Nothing Ben does, whether it's issuing stimulus or hinting at less stimulus, represents real value. And that, to many people focused on the illusion of value, may have become clear only when Abenomics appeared on stage, seemed a success at first and then showed its true colors in a substantial Nikkei crash. Abenomics is the Fed's QE on steroids; both follow the same trajectory, but it's a matter of the harder they come, the harder they fall. Japan wanted too much too fast, and ended up shattering the stimulus illusion worldwide. As I put it three weeks ago:
What If Stimulus Is Self-Defeating?
... in today's world stimulus is self-defeating because it's stimulus itself that reveals the weak spots in an economy, and more stimulus reveals more weak spots.
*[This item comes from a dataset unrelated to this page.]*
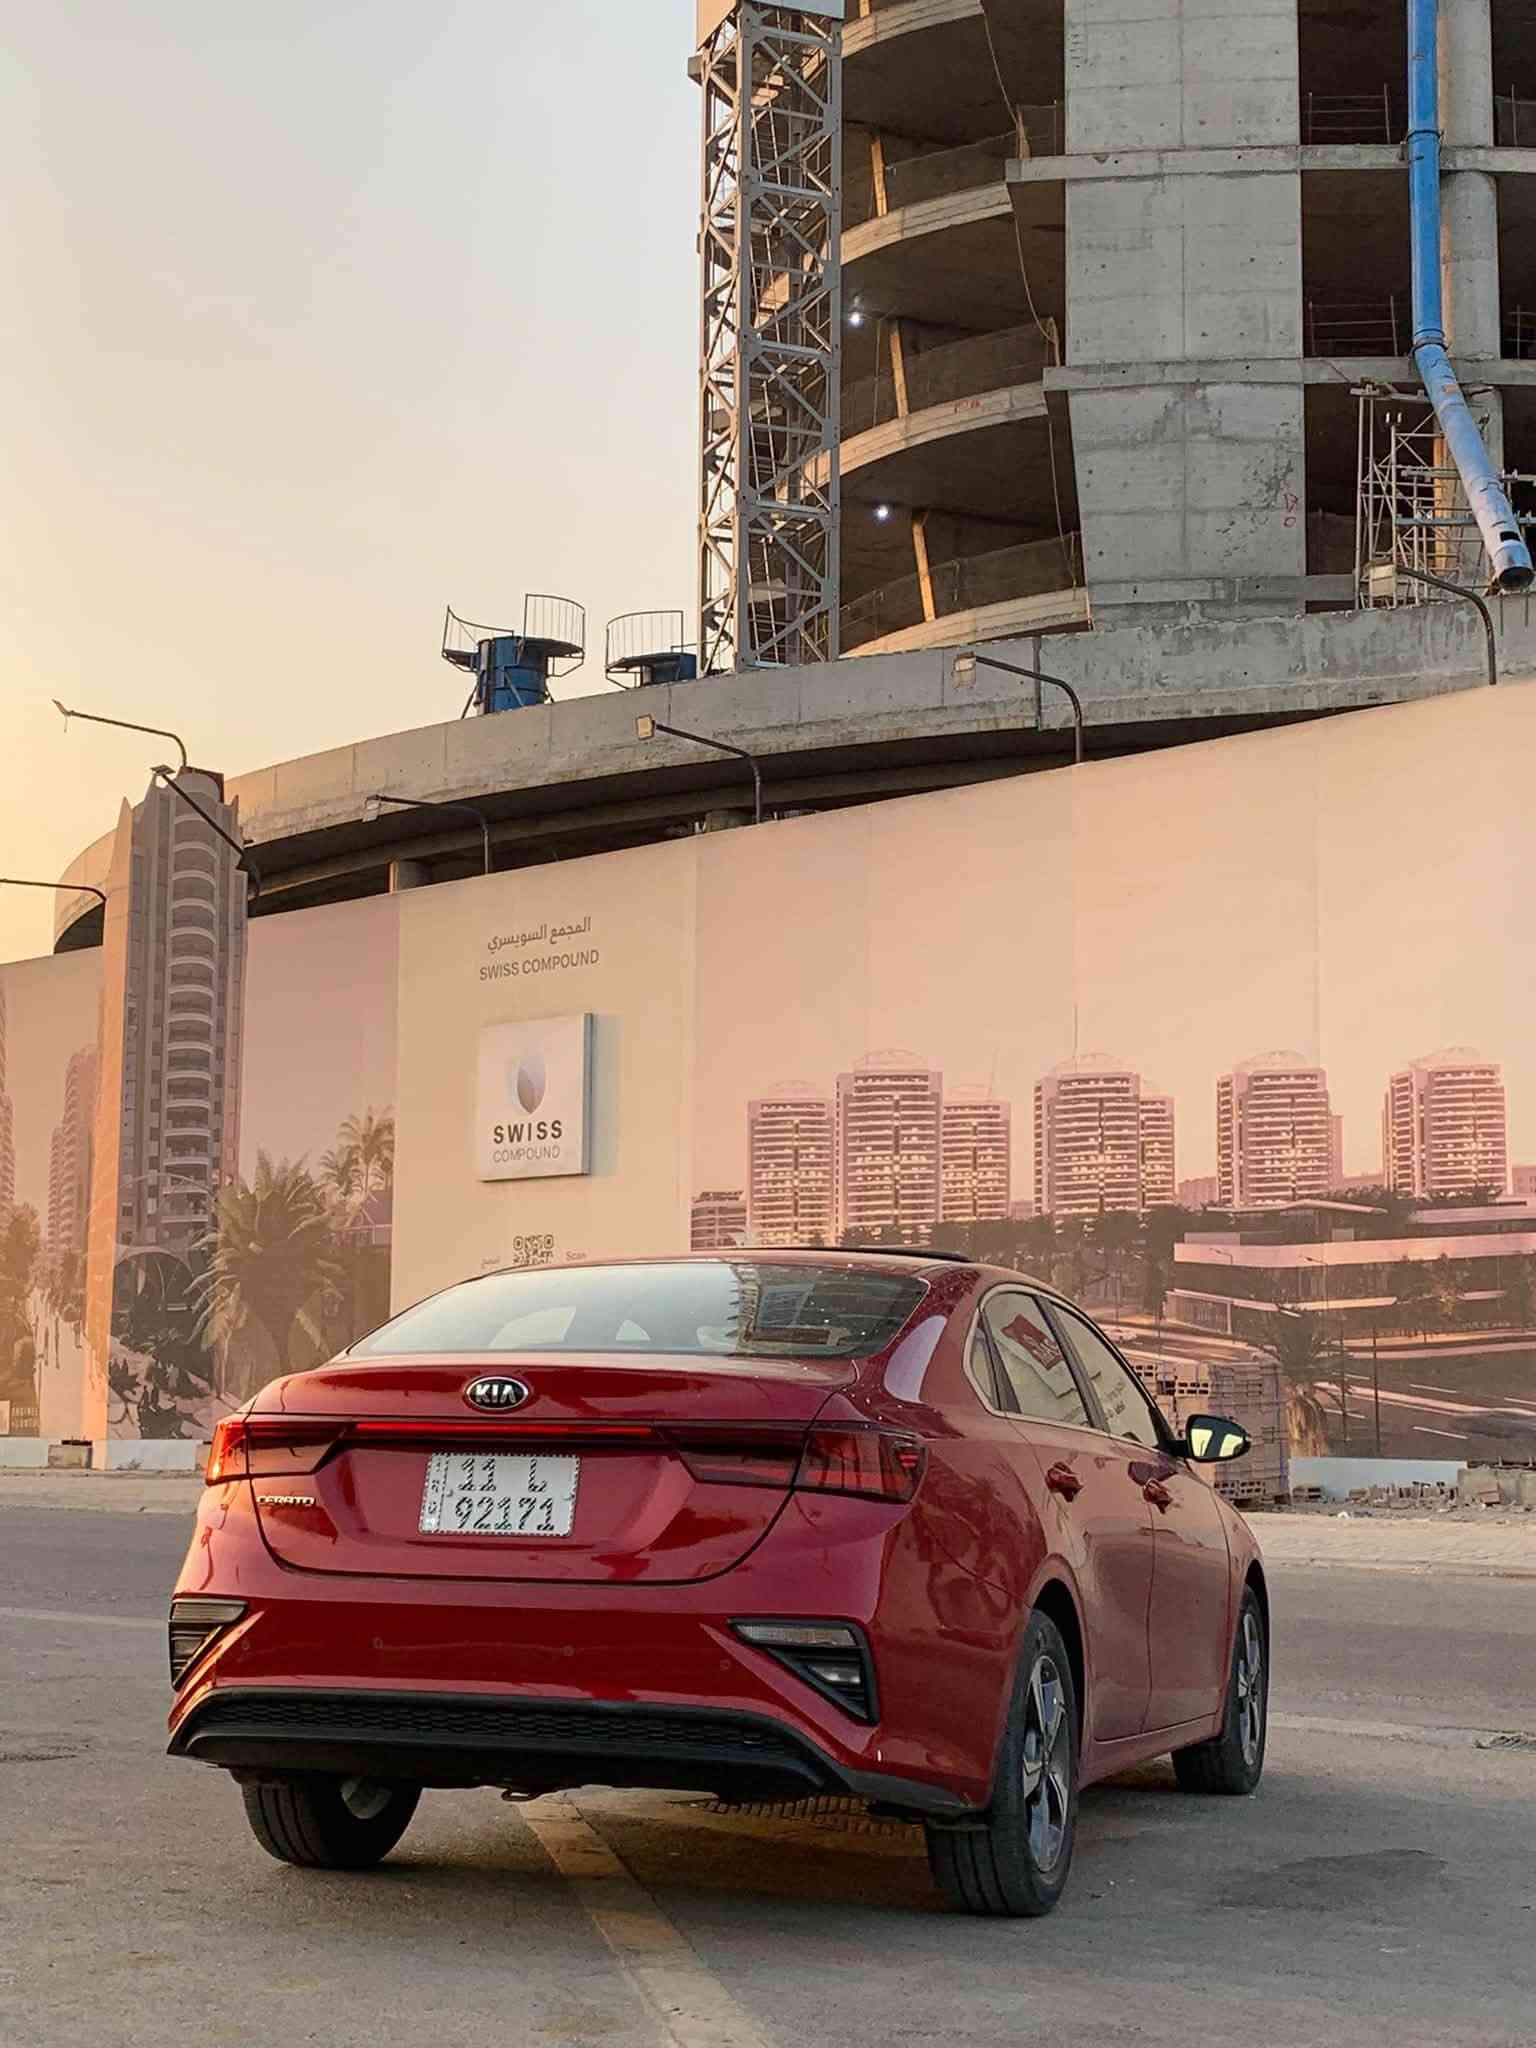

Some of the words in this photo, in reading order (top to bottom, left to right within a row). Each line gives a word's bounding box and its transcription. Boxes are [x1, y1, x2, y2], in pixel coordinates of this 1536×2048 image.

Note: this is not the same as saying all stimulus is bad, or must necessarily defeat itself. But it is, and it does, in today's world, where stimulus doesn't serve to jolt the real economy into recovery, but to hide existing debt and create only the illusion of recovery. What makes it worse is that even just about everybody who should have known this instead elects to cling to the illusion. Well, your wake up call has come, and if you still don't listen it'll come back louder next time.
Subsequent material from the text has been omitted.